**RECORDS PROVIDED**
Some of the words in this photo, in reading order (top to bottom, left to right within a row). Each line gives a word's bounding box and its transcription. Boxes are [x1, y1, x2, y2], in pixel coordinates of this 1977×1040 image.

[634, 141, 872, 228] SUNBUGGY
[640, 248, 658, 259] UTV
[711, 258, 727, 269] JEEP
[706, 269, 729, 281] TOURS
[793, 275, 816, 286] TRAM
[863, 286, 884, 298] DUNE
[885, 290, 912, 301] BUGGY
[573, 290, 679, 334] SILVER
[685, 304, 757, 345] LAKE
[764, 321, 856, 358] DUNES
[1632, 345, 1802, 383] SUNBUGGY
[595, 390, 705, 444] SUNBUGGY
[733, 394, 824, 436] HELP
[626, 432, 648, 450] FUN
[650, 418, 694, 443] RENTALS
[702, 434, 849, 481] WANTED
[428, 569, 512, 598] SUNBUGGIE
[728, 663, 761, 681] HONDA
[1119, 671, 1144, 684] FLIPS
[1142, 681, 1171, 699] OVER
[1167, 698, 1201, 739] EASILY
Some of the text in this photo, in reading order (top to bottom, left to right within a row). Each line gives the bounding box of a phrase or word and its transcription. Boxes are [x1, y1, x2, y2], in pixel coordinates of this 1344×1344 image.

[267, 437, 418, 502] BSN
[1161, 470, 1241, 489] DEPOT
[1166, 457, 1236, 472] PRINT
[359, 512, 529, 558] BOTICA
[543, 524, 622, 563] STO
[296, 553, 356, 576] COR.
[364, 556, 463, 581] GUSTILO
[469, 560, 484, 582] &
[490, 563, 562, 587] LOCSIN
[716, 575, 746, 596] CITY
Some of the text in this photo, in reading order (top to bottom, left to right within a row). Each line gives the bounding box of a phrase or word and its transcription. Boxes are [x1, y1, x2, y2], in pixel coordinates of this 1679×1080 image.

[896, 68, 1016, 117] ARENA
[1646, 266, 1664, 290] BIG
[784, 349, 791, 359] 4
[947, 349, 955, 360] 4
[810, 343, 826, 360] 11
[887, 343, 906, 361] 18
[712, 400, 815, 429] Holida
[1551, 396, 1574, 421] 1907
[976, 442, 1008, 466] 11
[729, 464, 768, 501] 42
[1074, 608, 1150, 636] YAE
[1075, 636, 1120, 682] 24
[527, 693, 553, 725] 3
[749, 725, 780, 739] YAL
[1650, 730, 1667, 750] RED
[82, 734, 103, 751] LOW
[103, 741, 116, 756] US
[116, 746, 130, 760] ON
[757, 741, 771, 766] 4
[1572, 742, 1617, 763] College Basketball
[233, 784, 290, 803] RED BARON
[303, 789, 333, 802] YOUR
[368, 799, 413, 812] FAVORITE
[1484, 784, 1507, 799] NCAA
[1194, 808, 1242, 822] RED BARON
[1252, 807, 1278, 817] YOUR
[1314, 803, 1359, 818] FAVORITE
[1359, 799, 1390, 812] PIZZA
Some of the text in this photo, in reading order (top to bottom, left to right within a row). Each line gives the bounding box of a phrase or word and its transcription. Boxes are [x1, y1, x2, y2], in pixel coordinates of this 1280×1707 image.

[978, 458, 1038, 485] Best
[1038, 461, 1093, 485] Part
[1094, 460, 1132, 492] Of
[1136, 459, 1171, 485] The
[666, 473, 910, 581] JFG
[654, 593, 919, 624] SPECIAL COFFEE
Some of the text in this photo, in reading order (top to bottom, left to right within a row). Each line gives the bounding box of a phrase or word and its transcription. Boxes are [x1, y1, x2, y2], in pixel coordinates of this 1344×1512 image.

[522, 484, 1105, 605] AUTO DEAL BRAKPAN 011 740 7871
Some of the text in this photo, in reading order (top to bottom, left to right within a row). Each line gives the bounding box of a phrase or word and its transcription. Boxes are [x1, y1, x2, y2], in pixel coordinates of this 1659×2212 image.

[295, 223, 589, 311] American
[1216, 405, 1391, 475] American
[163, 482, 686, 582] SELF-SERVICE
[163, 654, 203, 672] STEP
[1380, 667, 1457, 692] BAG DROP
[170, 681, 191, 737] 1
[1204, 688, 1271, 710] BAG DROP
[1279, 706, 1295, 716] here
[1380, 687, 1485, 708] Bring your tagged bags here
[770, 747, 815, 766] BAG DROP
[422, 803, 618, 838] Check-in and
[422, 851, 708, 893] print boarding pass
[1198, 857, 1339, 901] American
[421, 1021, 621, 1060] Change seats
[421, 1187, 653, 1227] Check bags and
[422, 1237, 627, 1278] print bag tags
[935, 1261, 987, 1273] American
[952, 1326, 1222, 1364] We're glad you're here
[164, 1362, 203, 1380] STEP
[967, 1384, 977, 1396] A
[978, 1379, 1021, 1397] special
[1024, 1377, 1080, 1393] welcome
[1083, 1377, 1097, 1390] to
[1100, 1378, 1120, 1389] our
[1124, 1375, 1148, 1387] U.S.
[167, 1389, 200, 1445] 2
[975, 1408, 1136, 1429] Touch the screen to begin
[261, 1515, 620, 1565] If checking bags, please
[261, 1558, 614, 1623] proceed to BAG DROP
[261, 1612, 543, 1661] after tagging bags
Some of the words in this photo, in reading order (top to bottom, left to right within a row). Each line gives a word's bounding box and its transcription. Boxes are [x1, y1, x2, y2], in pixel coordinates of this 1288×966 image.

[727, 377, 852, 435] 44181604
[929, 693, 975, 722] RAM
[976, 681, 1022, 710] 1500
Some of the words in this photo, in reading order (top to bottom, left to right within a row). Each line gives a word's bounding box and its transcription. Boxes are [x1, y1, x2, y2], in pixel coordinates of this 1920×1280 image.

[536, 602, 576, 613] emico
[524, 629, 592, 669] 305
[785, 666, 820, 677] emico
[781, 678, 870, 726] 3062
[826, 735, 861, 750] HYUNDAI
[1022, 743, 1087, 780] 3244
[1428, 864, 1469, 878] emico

**DESCRIPTION OF THE TASK**
Transcribe the data in full, keeping every detail.

**RESULT OF THIS EXERCISE**
Some of the words in this photo, in reading order (top to bottom, left to right within a row). Each line gives a word's bounding box and its transcription. Boxes are [x1, y1, x2, y2], in pixel coordinates of this 1977×1040 image.

[634, 141, 872, 228] SUNBUGGY
[640, 248, 658, 259] UTV
[711, 258, 727, 269] JEEP
[706, 269, 729, 281] TOURS
[793, 275, 816, 286] TRAM
[863, 286, 884, 298] DUNE
[885, 290, 912, 301] BUGGY
[573, 290, 679, 334] SILVER
[685, 304, 757, 345] LAKE
[764, 321, 856, 358] DUNES
[1632, 345, 1802, 383] SUNBUGGY
[595, 390, 705, 444] SUNBUGGY
[733, 394, 824, 436] HELP
[626, 432, 648, 450] FUN
[650, 418, 694, 443] RENTALS
[702, 434, 849, 481] WANTED
[428, 569, 512, 598] SUNBUGGIE
[728, 663, 761, 681] HONDA
[1119, 671, 1144, 684] FLIPS
[1142, 681, 1171, 699] OVER
[1167, 698, 1201, 739] EASILY
Some of the text in this photo, in reading order (top to bottom, left to right within a row). Each line gives the bounding box of a phrase or word and its transcription. Boxes are [x1, y1, x2, y2], in pixel coordinates of this 1344×1344 image.

[267, 437, 418, 502] BSN
[1161, 470, 1241, 489] DEPOT
[1166, 457, 1236, 472] PRINT
[359, 512, 529, 558] BOTICA
[543, 524, 622, 563] STO
[296, 553, 356, 576] COR.
[364, 556, 463, 581] GUSTILO
[469, 560, 484, 582] &
[490, 563, 562, 587] LOCSIN
[716, 575, 746, 596] CITY
Some of the text in this photo, in reading order (top to bottom, left to right within a row). Each line gives the bounding box of a phrase or word and its transcription. Boxes are [x1, y1, x2, y2], in pixel coordinates of this 1679×1080 image.

[896, 68, 1016, 117] ARENA
[1646, 266, 1664, 290] BIG
[784, 349, 791, 359] 4
[947, 349, 955, 360] 4
[810, 343, 826, 360] 11
[887, 343, 906, 361] 18
[712, 400, 815, 429] Holida
[1551, 396, 1574, 421] 1907
[976, 442, 1008, 466] 11
[729, 464, 768, 501] 42
[1074, 608, 1150, 636] YAE
[1075, 636, 1120, 682] 24
[527, 693, 553, 725] 3
[749, 725, 780, 739] YAL
[1650, 730, 1667, 750] RED
[82, 734, 103, 751] LOW
[103, 741, 116, 756] US
[116, 746, 130, 760] ON
[757, 741, 771, 766] 4
[1572, 742, 1617, 763] College Basketball
[233, 784, 290, 803] RED BARON
[303, 789, 333, 802] YOUR
[368, 799, 413, 812] FAVORITE
[1484, 784, 1507, 799] NCAA
[1194, 808, 1242, 822] RED BARON
[1252, 807, 1278, 817] YOUR
[1314, 803, 1359, 818] FAVORITE
[1359, 799, 1390, 812] PIZZA
Some of the text in this photo, in reading order (top to bottom, left to right within a row). Each line gives the bounding box of a phrase or word and its transcription. Boxes are [x1, y1, x2, y2], in pixel coordinates of this 1280×1707 image.

[978, 458, 1038, 485] Best
[1038, 461, 1093, 485] Part
[1094, 460, 1132, 492] Of
[1136, 459, 1171, 485] The
[666, 473, 910, 581] JFG
[654, 593, 919, 624] SPECIAL COFFEE
Some of the text in this photo, in reading order (top to bottom, left to right within a row). Each line gives the bounding box of a phrase or word and its transcription. Boxes are [x1, y1, x2, y2], in pixel coordinates of this 1344×1512 image.

[522, 484, 1105, 605] AUTO DEAL BRAKPAN 011 740 7871
Some of the text in this photo, in reading order (top to bottom, left to right within a row). Each line gives the bounding box of a phrase or word and its transcription. Boxes are [x1, y1, x2, y2], in pixel coordinates of this 1659×2212 image.

[295, 223, 589, 311] American
[1216, 405, 1391, 475] American
[163, 482, 686, 582] SELF-SERVICE
[163, 654, 203, 672] STEP
[1380, 667, 1457, 692] BAG DROP
[170, 681, 191, 737] 1
[1204, 688, 1271, 710] BAG DROP
[1279, 706, 1295, 716] here
[1380, 687, 1485, 708] Bring your tagged bags here
[770, 747, 815, 766] BAG DROP
[422, 803, 618, 838] Check-in and
[422, 851, 708, 893] print boarding pass
[1198, 857, 1339, 901] American
[421, 1021, 621, 1060] Change seats
[421, 1187, 653, 1227] Check bags and
[422, 1237, 627, 1278] print bag tags
[935, 1261, 987, 1273] American
[952, 1326, 1222, 1364] We're glad you're here
[164, 1362, 203, 1380] STEP
[967, 1384, 977, 1396] A
[978, 1379, 1021, 1397] special
[1024, 1377, 1080, 1393] welcome
[1083, 1377, 1097, 1390] to
[1100, 1378, 1120, 1389] our
[1124, 1375, 1148, 1387] U.S.
[167, 1389, 200, 1445] 2
[975, 1408, 1136, 1429] Touch the screen to begin
[261, 1515, 620, 1565] If checking bags, please
[261, 1558, 614, 1623] proceed to BAG DROP
[261, 1612, 543, 1661] after tagging bags
Some of the words in this photo, in reading order (top to bottom, left to right within a row). Each line gives a word's bounding box and its transcription. Boxes are [x1, y1, x2, y2], in pixel coordinates of this 1288×966 image.

[727, 377, 852, 435] 44181604
[929, 693, 975, 722] RAM
[976, 681, 1022, 710] 1500
Some of the words in this photo, in reading order (top to bottom, left to right within a row). Each line gives a word's bounding box and its transcription. Boxes are [x1, y1, x2, y2], in pixel coordinates of this 1920×1280 image.

[536, 602, 576, 613] emico
[524, 629, 592, 669] 305
[785, 666, 820, 677] emico
[781, 678, 870, 726] 3062
[826, 735, 861, 750] HYUNDAI
[1022, 743, 1087, 780] 3244
[1428, 864, 1469, 878] emico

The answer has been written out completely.